Panzanella salad is a Tuscan salad of stale bread, tomatoes, onions, cucumbers and fresh basil. It is usually dressed with olive oil and vinegar. And often enjoyed in the summer.
Inspired by this Italian salad, this springtime vegan panzanella salad recipe is savory from the garlic and shallots, tangy from the lemon, a bit smokey from the tempeh bacon, a bit herbaceous from the arugula, and with the slightest sweetness from the grape tomatoes.
The textures are awesome–crispy tempeh bacon, toasted bread cubes, roasted asparagus, and fresh arugula and cherry tomatoes. It’s all some serious wow. And it works well as a meal or as a side to Zucchini Basil Soup.
A few notes...
- ・You don’t have to use ciabatta. Really, any slightly stale, crusty Italian bread will work. Day old is best, because it’s easier to slice into cubes.
- ・You can either use homemade tempeh bacon or use store bought.
- ・A non-stick wok or a large non-stick skillet work really well for this recipe.
- ・It tastes best right after it’s been assembled.
As a variation, add a handful of roasted pistachios at the end. It’s a little crunchy, and works well with the flavors.
Vegan Panzanella Primavera
2 cups asparagus sliced on a bias into bite size pieces
2½ Tbsp (+ more to drizzle), olive oil
1 tsp (+ more to drizzle) lemon juice
1 shallot, thinly sliced
3 garlic cloves, finely chopped
1 loaf of ciabatta bread, cubed
1½ cup halved cherry tomatoes
½ cup arugula
Salt and black pepper, to taste
Vegan parmasen, to taste – optional
1. Preheat oven to BROIL on HIGH (or ~525º F). Line a cookie sheet with parchment or non-stick aluminum foil. Spread asparagus in an even layer. Drizzle with ½ Tbsp olive oil and 1 tsp lemon juice. Move asparagus around, so everything is coated. Sprinkle some salt and grind some black pepper over the top.

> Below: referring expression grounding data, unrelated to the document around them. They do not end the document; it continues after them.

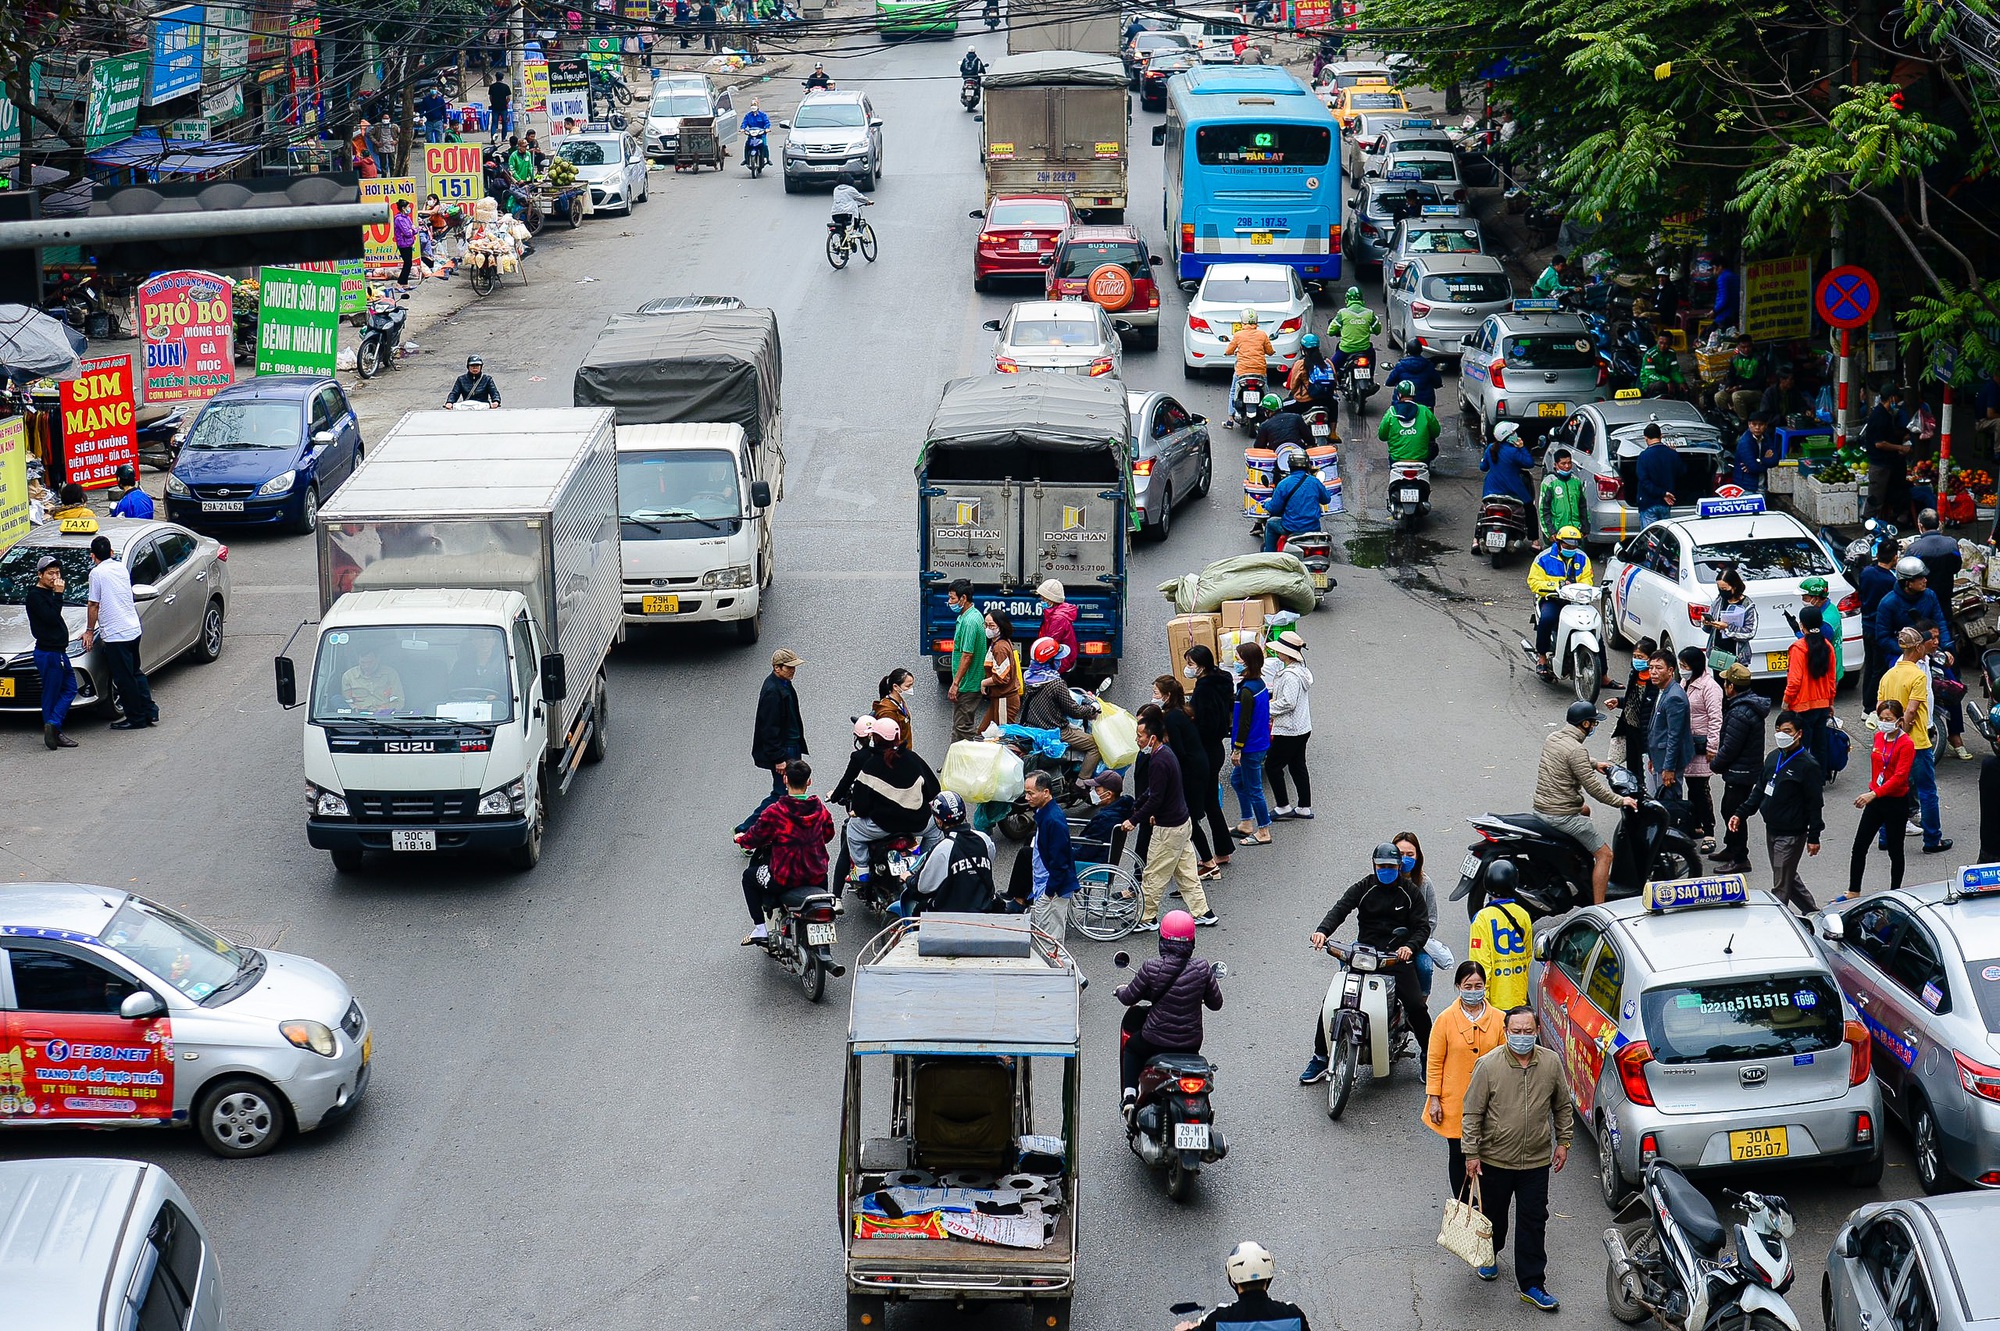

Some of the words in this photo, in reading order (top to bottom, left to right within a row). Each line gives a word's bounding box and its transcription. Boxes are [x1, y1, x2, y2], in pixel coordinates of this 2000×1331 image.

[1256, 134, 1272, 146] 62
[427, 146, 481, 174] CƠM
[365, 184, 381, 196] HƠI
[383, 181, 396, 195] HÀ
[398, 180, 415, 197] NỘI
[438, 178, 472, 198] 151
[1237, 218, 1253, 227] 29B
[1261, 218, 1288, 227] 197.52
[204, 280, 223, 293] MINH
[300, 280, 317, 312] SỮA
[318, 286, 337, 313] CHO
[144, 292, 191, 327] PHỞ
[196, 294, 228, 324] BÒ
[1350, 316, 1366, 325] Grab
[184, 325, 213, 338] MÓNG
[214, 322, 231, 336] GIÒ
[262, 318, 292, 356] BỆNH
[292, 322, 323, 354] NHÂN
[324, 328, 333, 355] K
[146, 337, 181, 368] BÚN
[200, 340, 217, 355] GÀ
[197, 360, 222, 373] MỌC
[260, 362, 273, 372] ĐT:
[274, 364, 296, 374] 0984
[149, 372, 185, 388] MIẾN
[188, 374, 230, 386] NGAN
[72, 372, 121, 402] SIM
[164, 390, 183, 399] RANG
[1622, 390, 1639, 398] TAXI
[66, 402, 133, 438] MẠNG
[1400, 428, 1417, 437] Grab
[74, 439, 96, 454] SIÊU
[97, 434, 129, 449] KHỦNG
[68, 455, 84, 470] ĐIỆN
[84, 452, 104, 467] THOẠI
[73, 467, 91, 483] GIÁ
[94, 464, 118, 480] SIÊU
[202, 502, 244, 511] 29A-214.62
[64, 520, 90, 529] TAXI
[974, 530, 1000, 538] HAN
[1044, 532, 1078, 541] DONG
[1082, 533, 1107, 541] HAN
[1056, 564, 1106, 572] 090.215.7100
[646, 604, 675, 612] 712.83
[384, 742, 436, 753] ISUZU
[404, 832, 423, 841] 90C
[398, 841, 432, 851] 118.18
[1678, 886, 1700, 900] SAO
[1702, 882, 1723, 896] THỦ
[1725, 880, 1741, 895] ĐÔ
[1694, 896, 1723, 904] GROUP
[1490, 918, 1526, 955] be
[1794, 994, 1816, 1006] 1696
[70, 1044, 151, 1062] EE88.NET
[36, 1068, 70, 1080] TRANG
[88, 1067, 105, 1081] SỐ
[105, 1072, 132, 1085] TRỰC
[132, 1070, 164, 1085] TUYẾN
[1746, 1070, 1763, 1079] KIA
[42, 1084, 56, 1094] UY
[59, 1084, 77, 1095] TÍN
[132, 1087, 157, 1100] HIỆU
[1746, 1132, 1771, 1144] 30A
[1737, 1143, 1782, 1159] 785.07

2. Broil for 10 minutes in the oven (watching closely, so it does not burn). Remove from oven, flip, and return to oven for 5 more minutes (watching closely once more). Remove from oven, and set aside.
3. In a large non-stick skillet or wok, add 1 Tbsp olive oil, the shallots and garlic over low heat. Sauté for 1 minute. Then, add the crumbled tempeh bacon, and turn heat up to medium-high. When the tempeh bacon reaches the level of crispness you like (I did mine for ~7 minutes), spoon it into a large mixing bowl and set aside.

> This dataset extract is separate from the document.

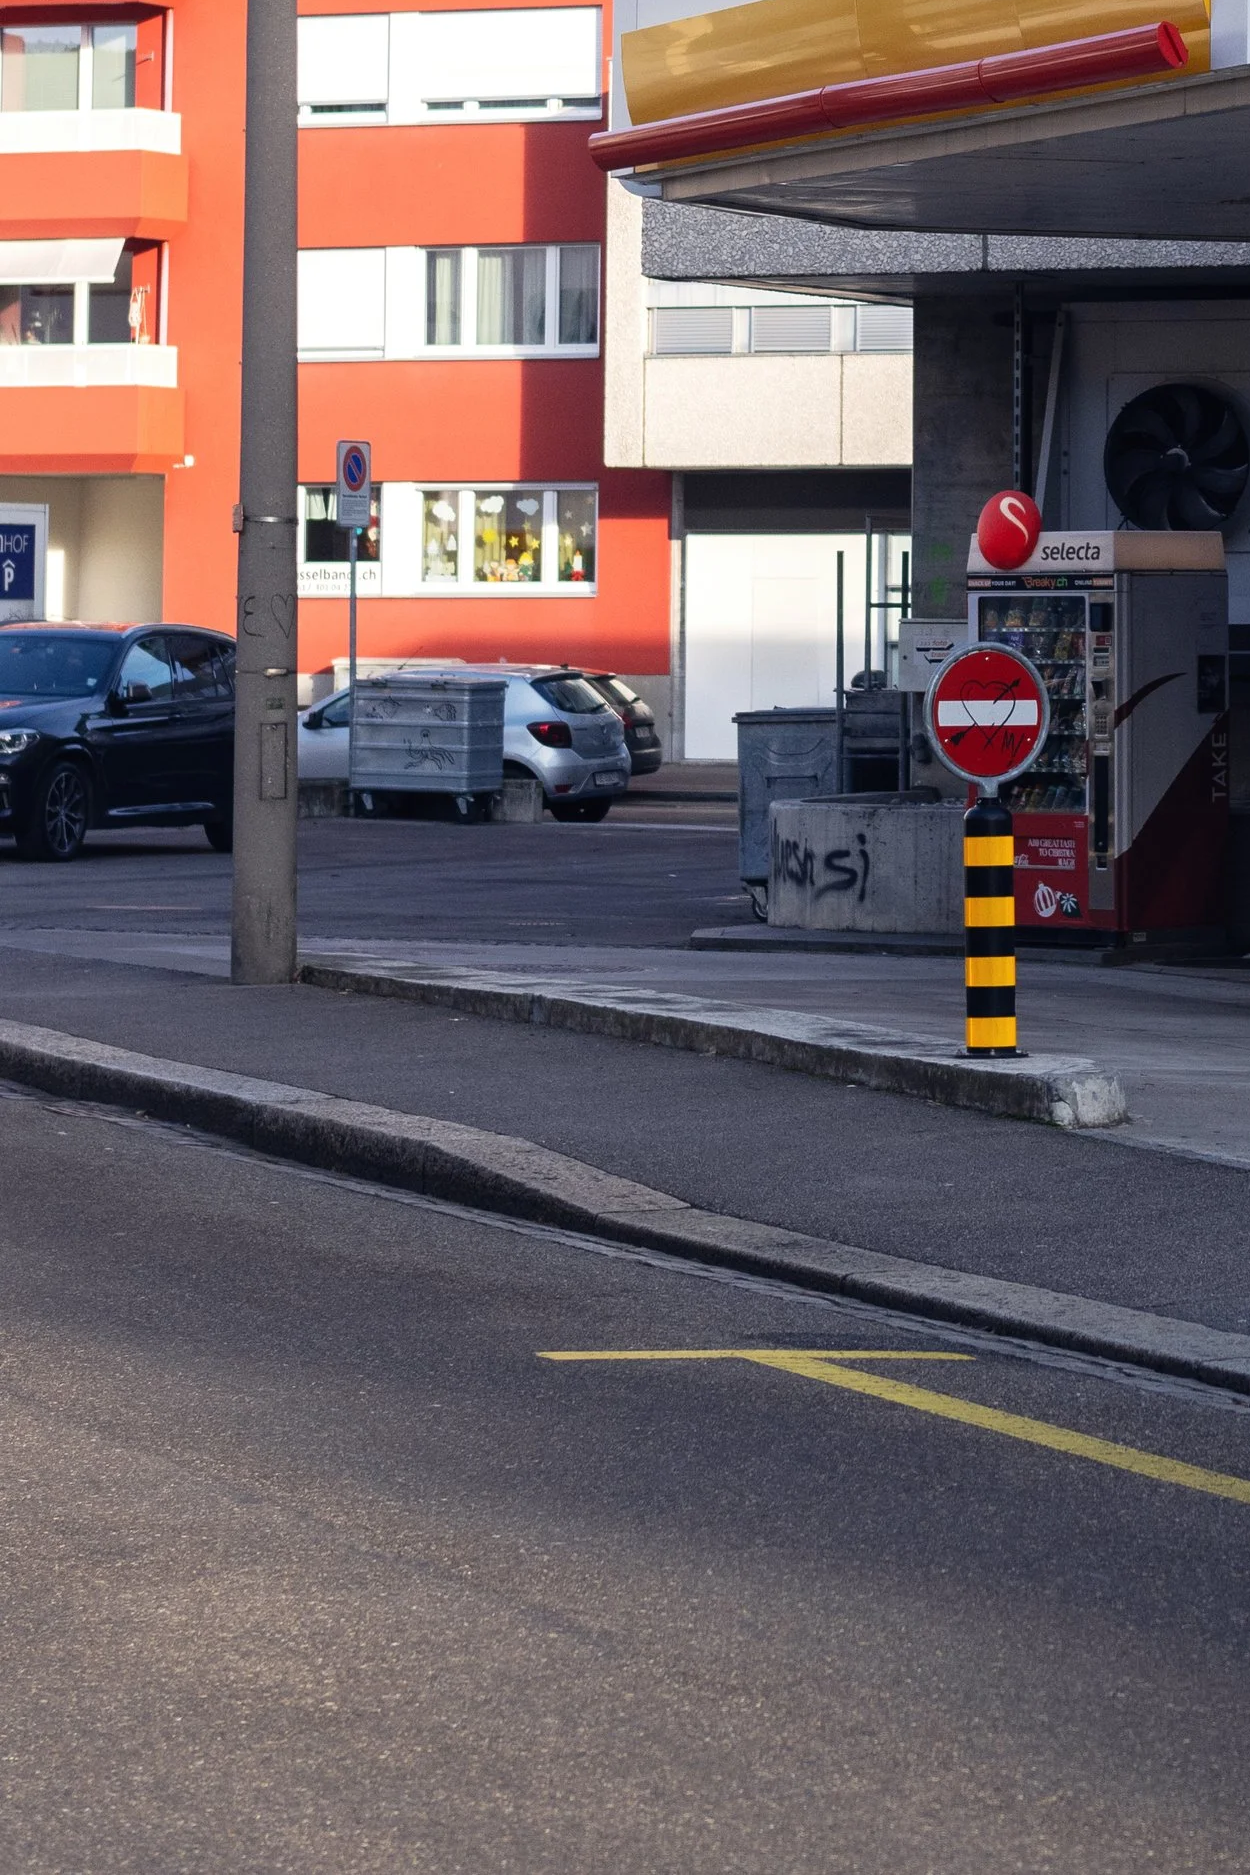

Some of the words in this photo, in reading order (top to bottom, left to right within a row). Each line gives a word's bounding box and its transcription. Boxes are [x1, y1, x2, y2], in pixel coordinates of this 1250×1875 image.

[1041, 542, 1100, 560] selecta
[1212, 737, 1227, 803] TAKE
[1039, 848, 1048, 857] TO

4. Add cubed bread to the same skillet (or wok) that you crisped the tempeh bacon in. Over high heat, drizzle it with 1 Tbsp olive oil and move it around until it reaches the level of toastiness you like (I did about 5 minutes).

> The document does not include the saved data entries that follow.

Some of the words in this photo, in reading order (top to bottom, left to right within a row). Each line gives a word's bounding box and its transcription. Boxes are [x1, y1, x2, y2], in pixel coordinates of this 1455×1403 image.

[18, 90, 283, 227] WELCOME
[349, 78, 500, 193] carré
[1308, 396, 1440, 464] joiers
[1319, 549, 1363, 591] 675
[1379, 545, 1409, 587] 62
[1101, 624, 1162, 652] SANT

5. Dump the tempeh bacon back into the skillet (or wok) with the toasted bread cubes. Stir it around over medium-low heat for another minute. Add the toasty bread cubes and the tempeh bacon into the large mixing bowl.
6. Add the roasted asparagus, cherry tomatoes, arugula, and vegan parmesan (if using) into the mixing bowl with the bread cubes and tempeh bacon.
7.Drizzle everything with lemon juice (I squeezed ~1-2 tsp lemon juice on it) and olive oil, and season with salt and black pepper. Gently mix together and taste. Adjust seasonings, if needed (more salt? more lemon juice?). Serve immediately.